На следующее утро Иосиф отправился в правительственное здание за паспортом. Чувство отчуждения и враждебности захлестнуло его, когда он вошел во дворец – холодный, белый, роскошный, несокрушимый и грозный, символ Траянова Рима.

Ведомство, в которое ему надлежало обратиться, размещалось в левом крыле здания. Когда, быстро уладив дело, он, с новым паспортом за пазухой, пересекал большой зал, чтобы выйти через главные двери, в эти двери вошел какой-то офицер. Офицер, стройный господин с бледным, худощавым лицом, элегантный, подтянутый, свернул направо. Никто не мог бы сказать, заметил ли он, отвечая на приветствие часовых, подходившего слева человека. И никто не мог бы сказать, узнал ли Иосиф этого офицера. Но когда Иосиф вышел, он выглядел дряхлым и разбитым, на площади перед дворцом, такой просторной и такой пустой, не хватало воздуха для старика, жадно хватавшего ртом воздух, и тот, кто его увидел, подивился бы, что столь незначительное дело, как получение паспорта, до такой степени изнурило его и обессилило.

В свою очередь, офицер свернувший в правую половину здания, был еще бледнее обычного, и его узкие губы были сжаты еще плотнее. Но затем, у порога канцелярии, лицо офицера приняло прежнее выражение. Да, Павел Басс, или, как его звали раньше, Павел Флавий, казался теперь скорее довольным, чем озабоченным. Так оно и было. Ему пришла в голову идея, одна идея, которую он уже давно искал и не мог найти.

В тот же день он говорил с губернатором Лузием Квиетом.

До кануна пасхи взял себе отпуск Иосиф, расставшись с поместьем Беэр Симлай, с женою и сыном, до этого срока он свободный человек, может бродить по стране, куда бы ни повел его ветер и собственное сердце.

На горах была еще зима, но в долинах весна уже началась. Иосиф странствовал без устали – то на муле, то на коне, а то и пешком. Он вспоминал те дни, когда впервые путешествовал по Галилее, знакомясь с ее обитателями. Вот и теперь ему бывало отраднее всего, пока он оставался никому не известным пришельцем, и если его окликали по имени, он задерживался ненадолго.

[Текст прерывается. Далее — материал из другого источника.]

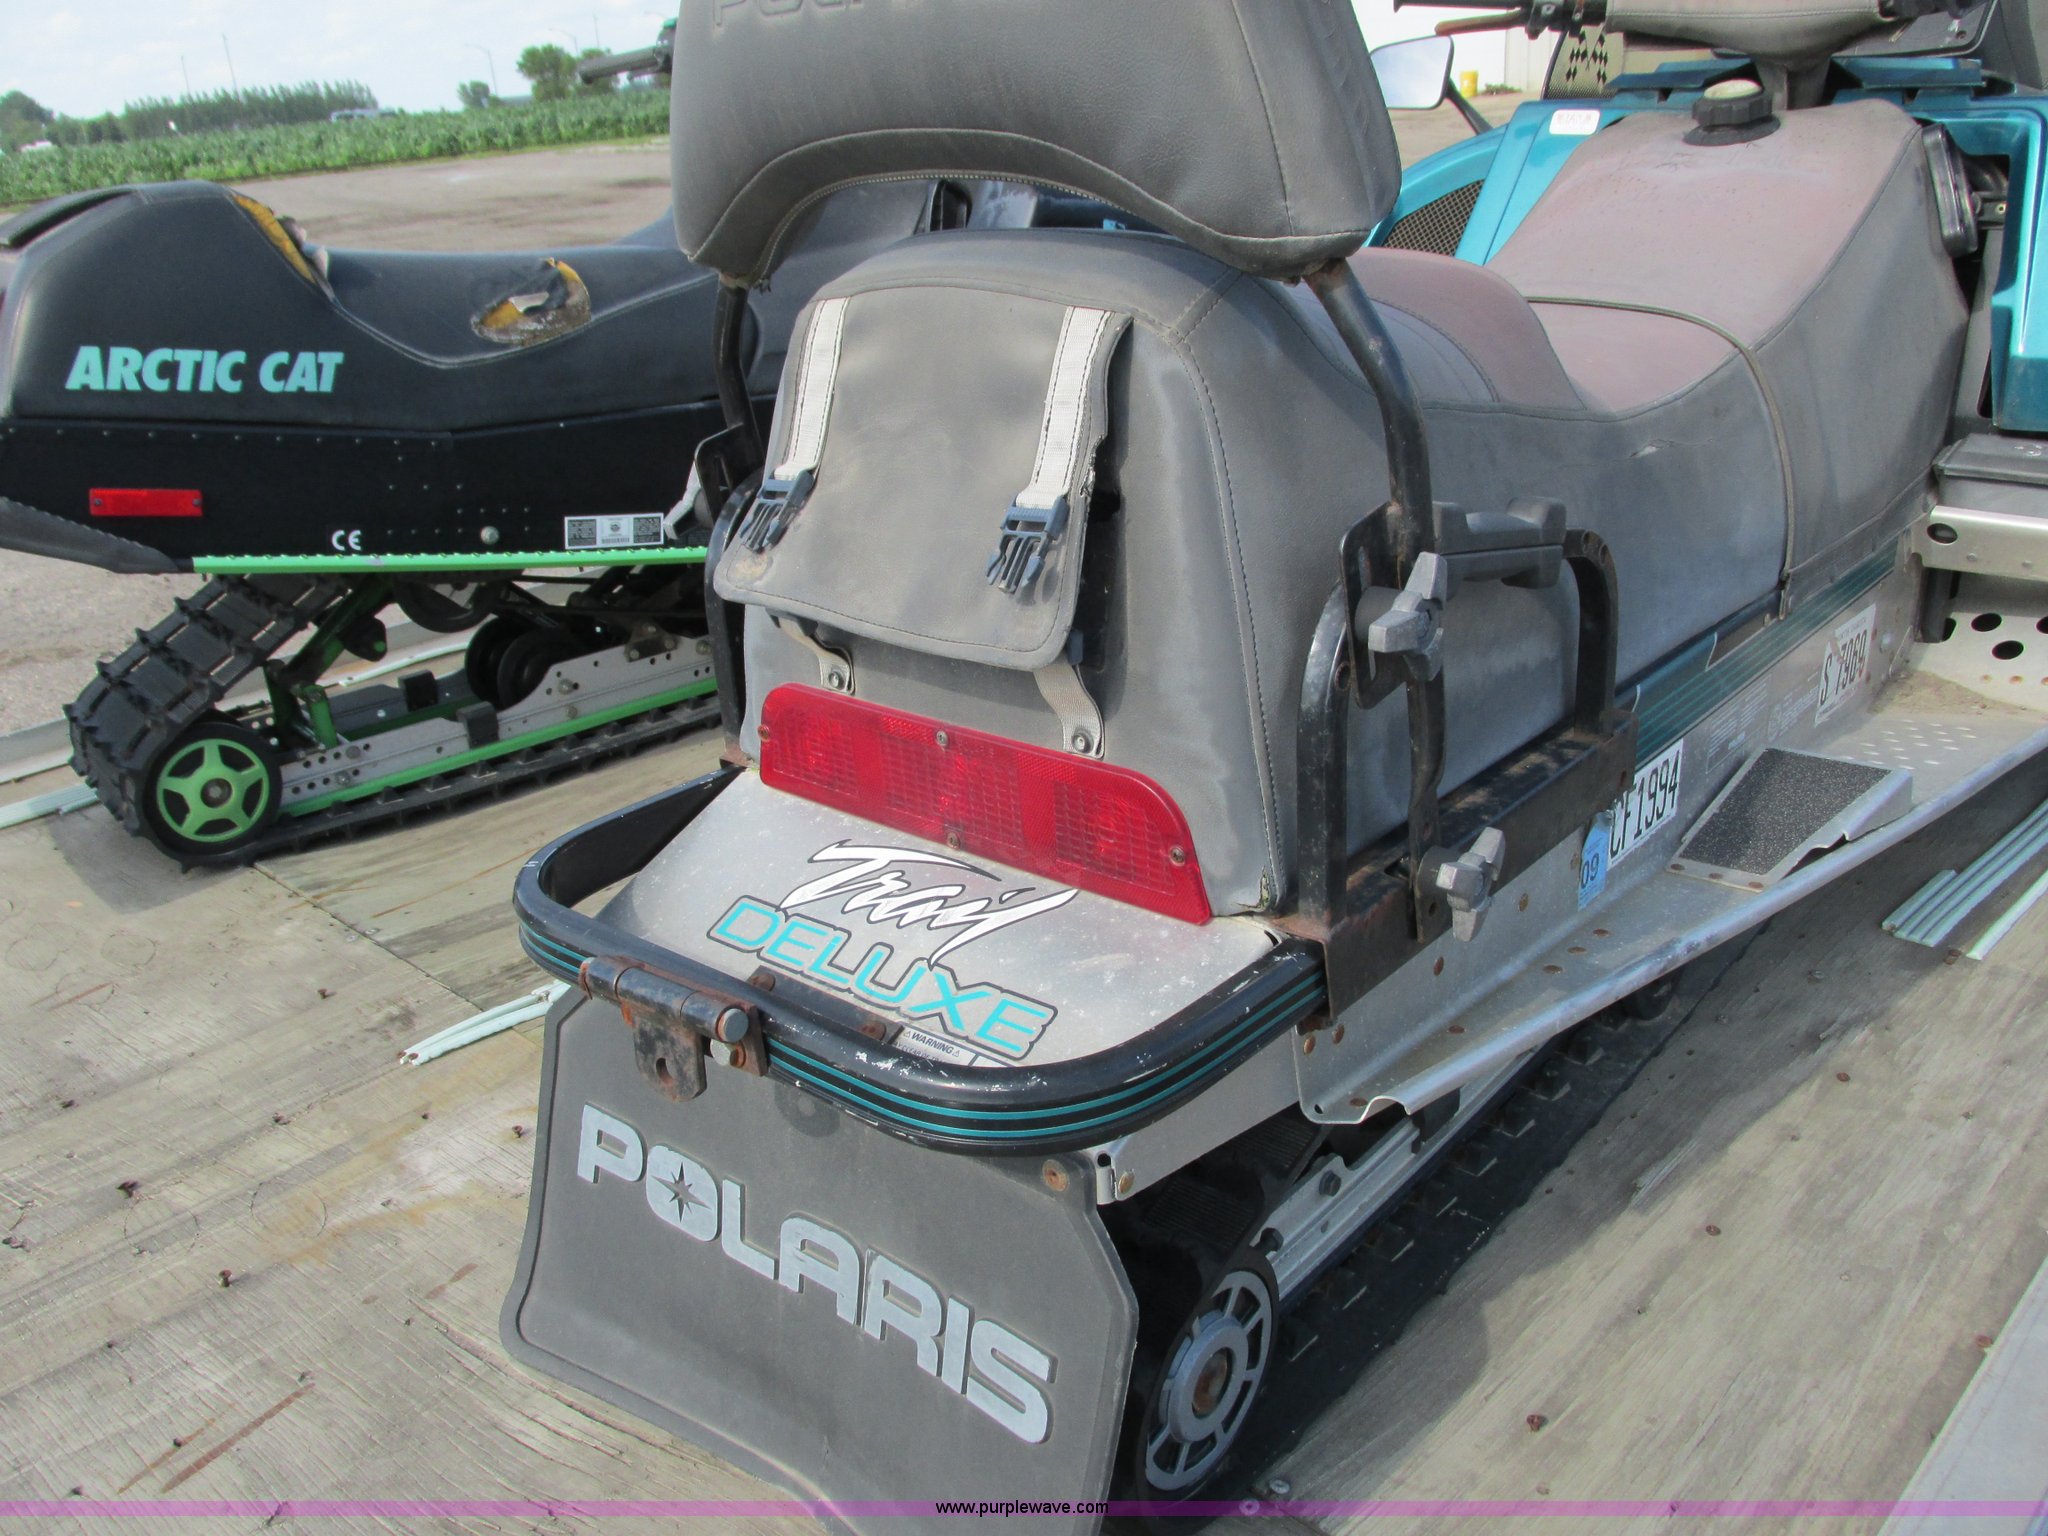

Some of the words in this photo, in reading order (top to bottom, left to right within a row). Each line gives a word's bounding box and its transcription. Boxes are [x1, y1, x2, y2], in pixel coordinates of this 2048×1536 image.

Но вместе с тем он разыскивал старых товарищей и людей, чей нрав и взгляды его интересовали. С этой целью приехал он и в Бене-Берак к доктору Акавье.[123]

Иосиф довольно часто встречался с Акавьей; при полном несходстве их характеров и образа мыслей оба охотно проводили время друг с другом. Бесспорно, наряду с Гамалиилом Акавья самый значительный среди ученых. Так же, как Гамалиилу, ему лишь немного за пятьдесят. Но меж тем как Гамалиилу с первых дней жизни все достается само собой, Акавья выбился из низов, он был пастухом, свои знания и свое место в коллегии богословов в Ямнии ему пришлось завоевывать тяжким трудом и утверждать свое учение вопреки сотням препятствий. Учение, которое с диким и слепым упорством, но одновременно и с хитроумною, изощреннейшею методичностью отгораживает все еврейское от всего нееврейского, узколобое, фанатичное учение, которое противоречит всему, что Иосиф пережил в свои славные годы и возвещал в своих прославленных книгах. И все-таки даже Иосиф не мог не поддаться чарам, исходившим от доктора Акавьи.

Он пробыл в Бене-Бераке день, и другой, и третий. Потом пришел срок уезжать, если только он хотел вернуться к празднику пасхи в свое поместье. Но когда он стал прощаться, Акавья удержал его.

– Как это так, доктор Иосиф, – сказал он, – разве вы не хотите провести со мною пасхальный вечер?

Иосиф изумленно посмотрел на него, как бы спрашивая, не шутит ли Акавья. Большая голова Акавьи сидела на громоздком и мощном теле. Сквозь тускло-серебряную бороду свежо и розово просвечивали щеки, волосы низко сбегали на широкий, могучий, изрезанный морщинами лоб. Густые брови чуть заметно шевелились над карими глазами. Страстный, суровый огонь мерцал в этих глазах, заставляя забывать о приплюснутом носе. Впрочем, сегодня, в то мгновение, когда Акавья предлагал Иосифу провести пасхальный вечер с ним, в его глазах, всегда таких диких и буйных, вспыхивали лукавые искорки.

В самом деле, поразительно, что пылкий националист Акавья приглашает его, Иосифа, соглашателя, который всю свою жизнь старался примирить евреев, греков и христиан, приглашает его к себе на пасхальную трапезу – великий праздник национальных воспоминаний. Это и вызов и честь. На какую-то долю секунды Иосиф так ошеломлен, что не знает, как ему быть. Обычай требует, чтобы Иосиф, глава дома, провел этот вечер в своем поместье, в кругу своей семьи и своих рабов, чтобы он прочел им агаду[124] – рассказ об избавлении евреев из египетской неволи. Но Иосиф говорит себе: жена и сын не будут слишком огорчены его отсутствием, скорее они порадуются, что Иосиф, «предатель», именно в этот святой вечер гостит у Акавьи, почтеннейшего из почтенных, в котором еврейские патриоты видят главного своего вождя. После первого изумления Иосиф почувствовал глубокую радость.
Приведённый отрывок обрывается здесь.